Software spying scandal is just the tip of the iceberg

Claims that a popular antivirus program allows Russians to hack computers should shake us out of our complacency

The Times

Would you hand your house keys to a private security company, giving its employees the right to see anything you do in your home, sort through your belongings and open your post? Put like that, the answer would be “probably not” — especially if the company concerned is based in Russia and founded by a former KGB officer.

The claim, published in this newspaper yesterday, that Kaspersky Lab software is being used by the Kremlin to hack into western companies looks compelling. The company’s founder, Evgeny Kaspersky, is a former KGB cryptographer who celebrates the Russian secret police holiday on December 20 and still keeps his old uniform in his office cupboard. Amid growing concerns, the American and British governments last year banned Kaspersky software from their computers. The real scandal is that the British authorities are not making the same recommendation to the rest of us.

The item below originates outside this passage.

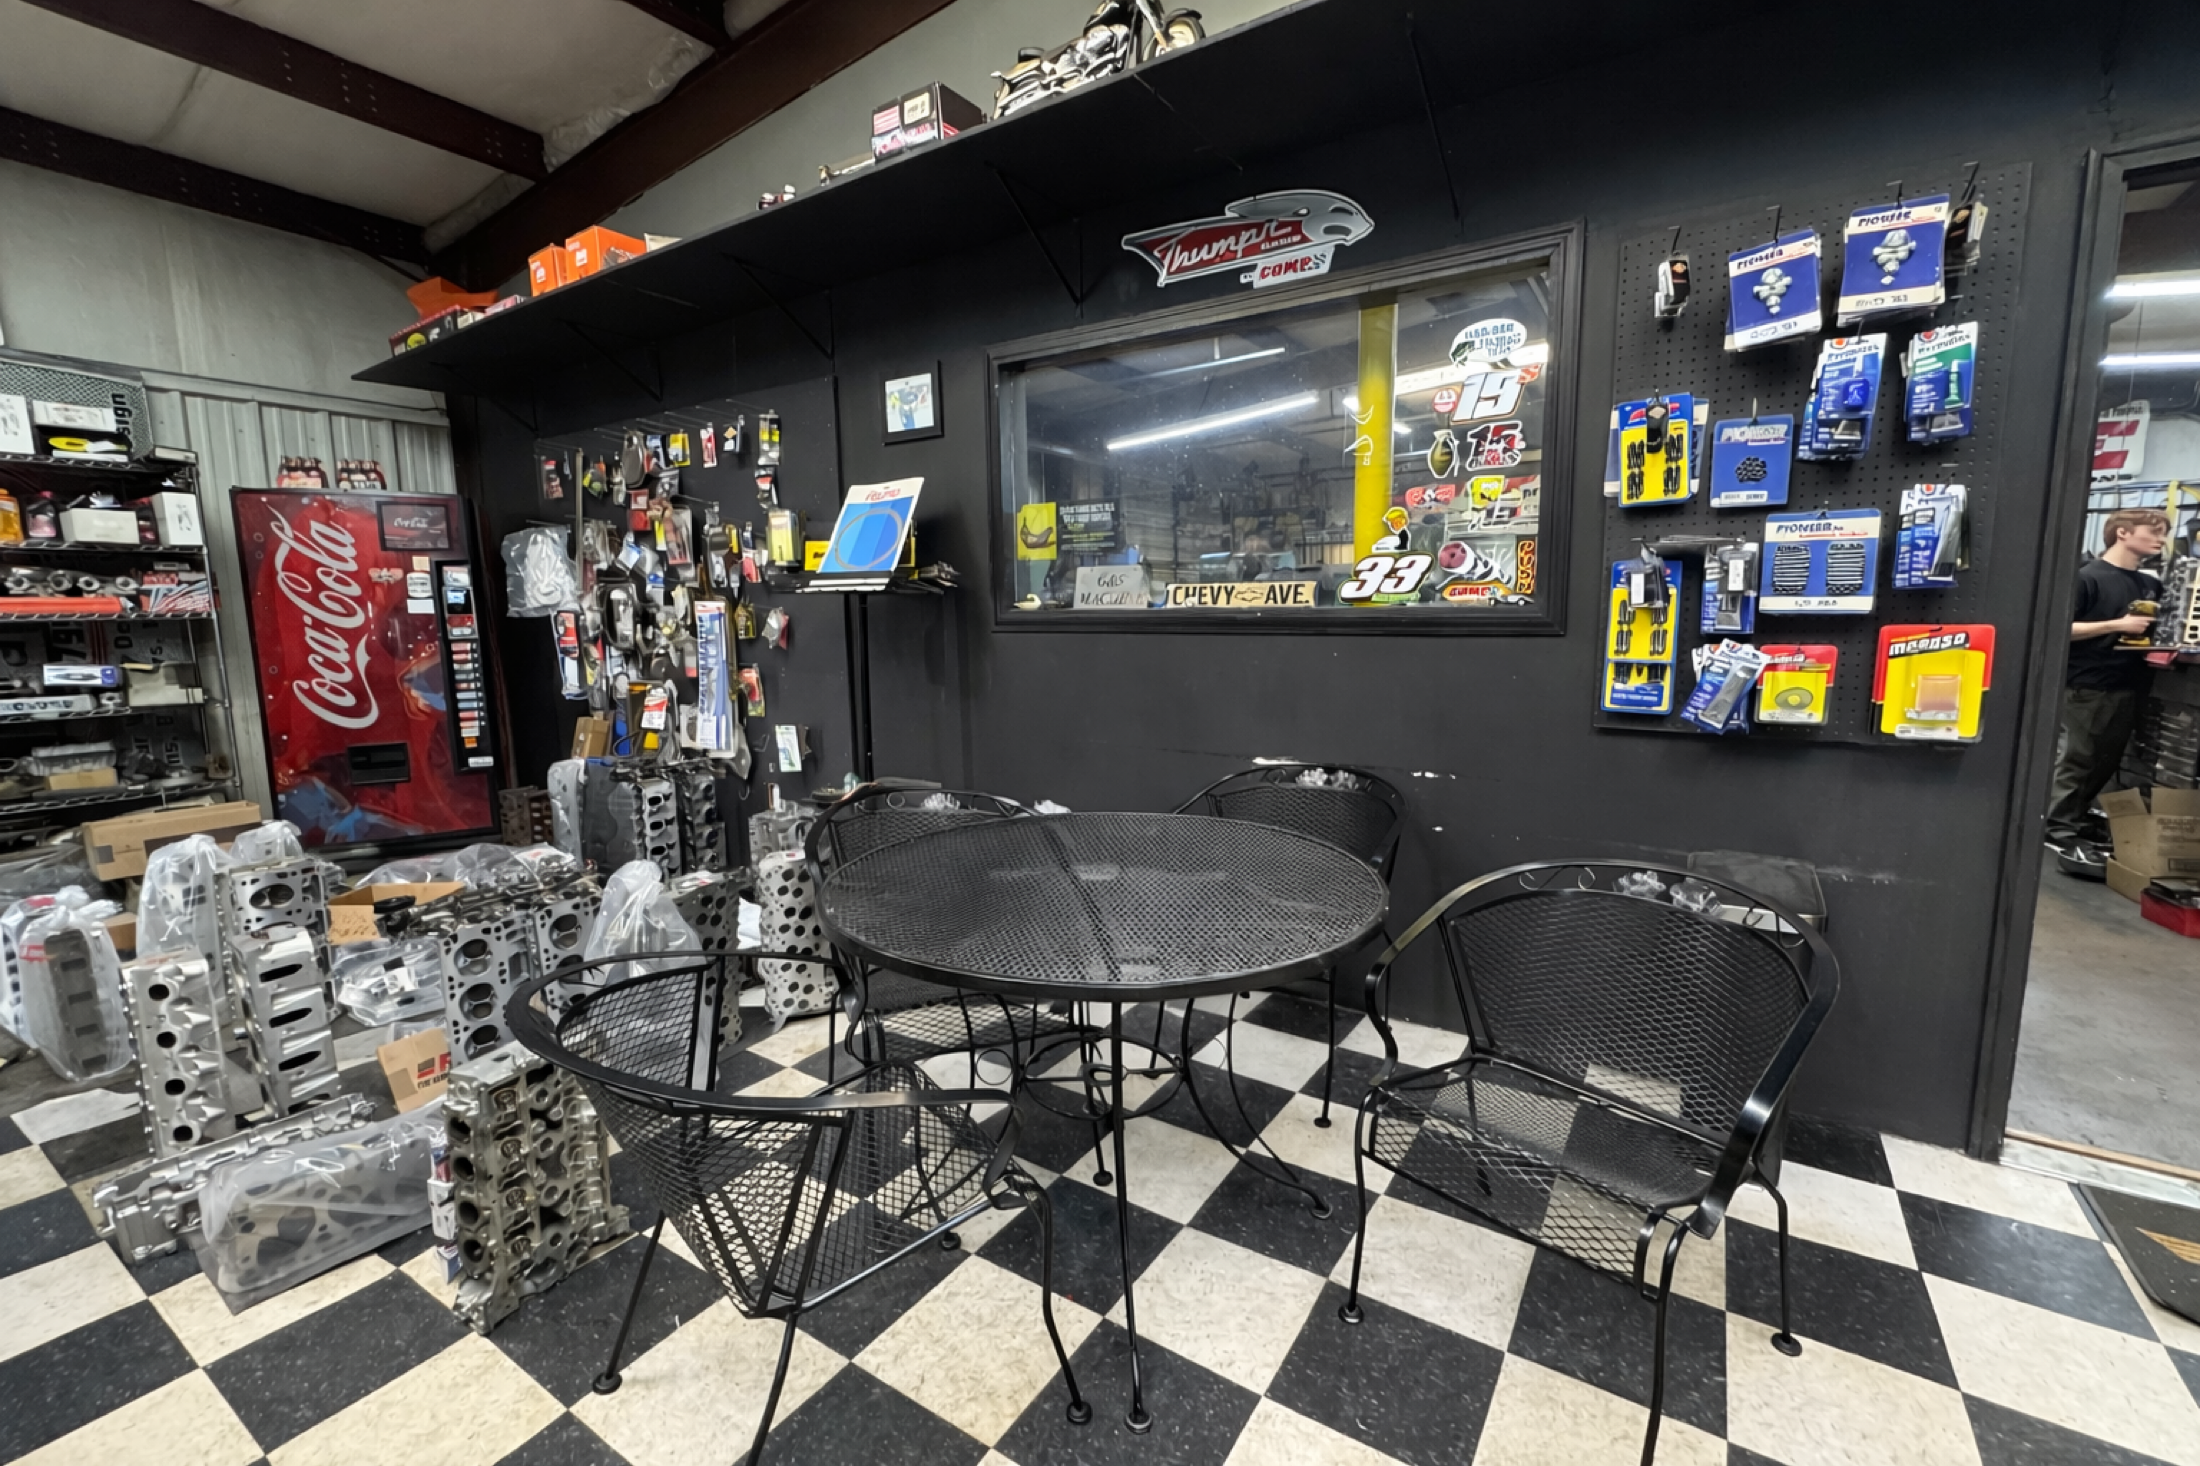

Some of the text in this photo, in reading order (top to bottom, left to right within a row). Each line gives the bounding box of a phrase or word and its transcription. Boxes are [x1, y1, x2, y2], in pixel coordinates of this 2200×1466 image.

[1340, 554, 1433, 598] 33
[1173, 583, 1310, 605] CHEVY AVE.

I have always been amazed that people would voluntarily install Russian-made software on their computers. But the Kaspersky story is complicated. All antivirus software is necessarily intrusive. When we install these programs, we give them the power to identify and purge viruses on our machines, and to prevent new ones arriving. They scan every file on a computer and check it against a list of known “malware” — malicious software that can steal your password, force you to watch unwanted advertisements, send spam emails to your friends, or scramble your data and demand a ransom. Anything suspicious is logged, quarantined and deleted.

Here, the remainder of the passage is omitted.